Bei jedem Künstler, der in den vergangenen Jahren den wärmenden Schoß der DIY-Free-Download-Existenz verließ und sich auf einem großen Label mit all seinen Möglichkeiten und Fallstricken beweisen musste, war es eine ganz individuelle Zitterpartie, ob und wie er seine Transformation meistern würde. Alex Giannascoli, der seinen Künstlernamen Alex G aus rechtlichen Gründen mittlerweile um ein (Sandy) ergänzen musste, stellt da keine Ausnahme dar: Im Gegenteil, sein verschrobenes Verständnis davon, wie Singer/Songwriter Musik klingen sollte, schien besonders bedroht zu sein von den polierenden Maschinen der aufs Kaffeehaus schielenden Plattenindustrie.
Doch wer beim Vorgänger und Domino-Debüt „Beach Music“ vielleicht noch zitterte und bei verhältnismäßig sortierten Vorab-Tracks wie „Proud“ oder „Bobby“ schon abwinken wollte, der kann nun beruhigt aufatmen: Keineswegs hat Giannascoli bei seiner Verwandlung vergessen, was ihn als Künstler so unverwechselbar macht, ohne dabei gleich jegliche Neuerung auszuschließen. Ja, bisweilen ist auf „Rocket“ Struktur eingezogen, doch in ihrer Gesamtheit wirkt die Platte immer noch wunderbar fahrig, unentschlossen und fragmentarisch, mit etlichen Freak-Out-Momenten, von denen das vorab ausgekoppelte „Sportstar“ nicht mal der Merkwürdigste ist.
Bei diesem Song muss man nicht mal auf die Arbeit verweisen, die Giannascoli an Frank Oceans „Blonde“ verrichtet hat, um eine gewisse Nähe zwischen beiden Ansätzen feststellen zu können – was sicherlich jedoch weniger mit Kopierlust zu tun hat denn mit einer gewissen Nähe, die Künstler unterschiedlicher Provenienz derzeit zu Stimmmodulation und psychedelisch-minimalistischer Instrumentierung empfinden. Wo die Inspirationslinien hier letzten Endes verliefen ist auch egal, weil „Rocket“ von einem kollaborativen Geist geprägt ist, der sich ganz unterschiedlich manifestiert. In „Horse“ wirkt es, als liefen mindestens drei Songs gleichzeitig ab, während das benachbarte „Brick“ als Lo-Fi-Rap-Metal-Variation Feingeister jeglicher Couleur provozieren dürfte.

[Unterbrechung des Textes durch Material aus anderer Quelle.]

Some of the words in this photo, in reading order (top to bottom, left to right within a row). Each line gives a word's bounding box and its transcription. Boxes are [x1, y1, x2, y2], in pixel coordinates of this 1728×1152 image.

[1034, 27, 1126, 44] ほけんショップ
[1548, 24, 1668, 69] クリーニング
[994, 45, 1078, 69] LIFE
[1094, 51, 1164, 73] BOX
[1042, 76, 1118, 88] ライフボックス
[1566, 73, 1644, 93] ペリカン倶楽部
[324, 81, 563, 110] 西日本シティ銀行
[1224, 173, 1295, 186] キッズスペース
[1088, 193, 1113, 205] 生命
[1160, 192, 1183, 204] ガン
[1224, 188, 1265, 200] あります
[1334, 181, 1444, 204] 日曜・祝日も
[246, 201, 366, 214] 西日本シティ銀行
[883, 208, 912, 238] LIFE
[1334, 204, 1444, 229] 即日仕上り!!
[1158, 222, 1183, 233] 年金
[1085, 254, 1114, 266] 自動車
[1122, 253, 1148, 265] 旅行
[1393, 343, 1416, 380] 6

Der Mittelteil der Platte lebt von derartigen, sprunghaft zusammengefügten Miniaturen, die neue Schichten in Giannascolis Klangkosmos integrieren, ohne dass die Musik dadurch eine unnötige Schwere oder Hüftsteife ereilt. Stattdessen verbindet er hier unterschiedliche Stile der (jüngeren) Vergangenheit, kommt gar auf den bereits verloren geglaubten Freak Folk der 00er Jahre zurück, ohne sich dabei ernsthaft festlegen zu wollen. Und ja, auch die sauber ausproduzierten Stücke meistert er problemlos, nicht selten mit einem Klavier an seiner Seite und der fideligen Geige seiner Lebensgefährtin Molly Germer im Nacken.
Etliche Stücke werden durch diese Komponente, ebenso wie das jeweilige Klangbild, in Richtung Country gezerrt, das großartige „Bobby“ ebenso wie der knappe Titeltrack und das kumpelige „Proud“, das die Platte nach dem dräuenden Beginn „Poison Root“ erst mal wieder in geordnete Bahnen lenkt, zumindest oberflächlich. Denn rein textlich sind auch die vorgeblich ordentlich sortierten Stücke von verstörenden Wendungen und zwielichtigen Charakteren geprägt, wie der selbstzweifelnde, junge Protagonist in „Powerful Man“, der die schicksalshaften Zeichen seiner Umwelt nicht deuten kann, oder die angerissene Gefängnisgeschichte im jazzigen „County“.
Verbindungen lassen sich dabei in vielfältiger Weise ziehen, einen einzigen roten Faden sollte man jedoch nicht erwarten. „Rocket“ lebt von seinen Situationen, in denen es hörbar entstand, von denen es bewusst fragmentarisch erzählt und während derer das Hören gewisser Teile des Albums unvereinbar scheint mit den unmittelbar angrenzenden Stücken. Mit eben dieser Attitüde umschifft Giannascoli die möglichen Gefahren der Gefälligkeit, ohne dabei beliebig zu werden.
„Rocket“ erscheint am 19.05. via Domino auf Vinyl, CD und digital.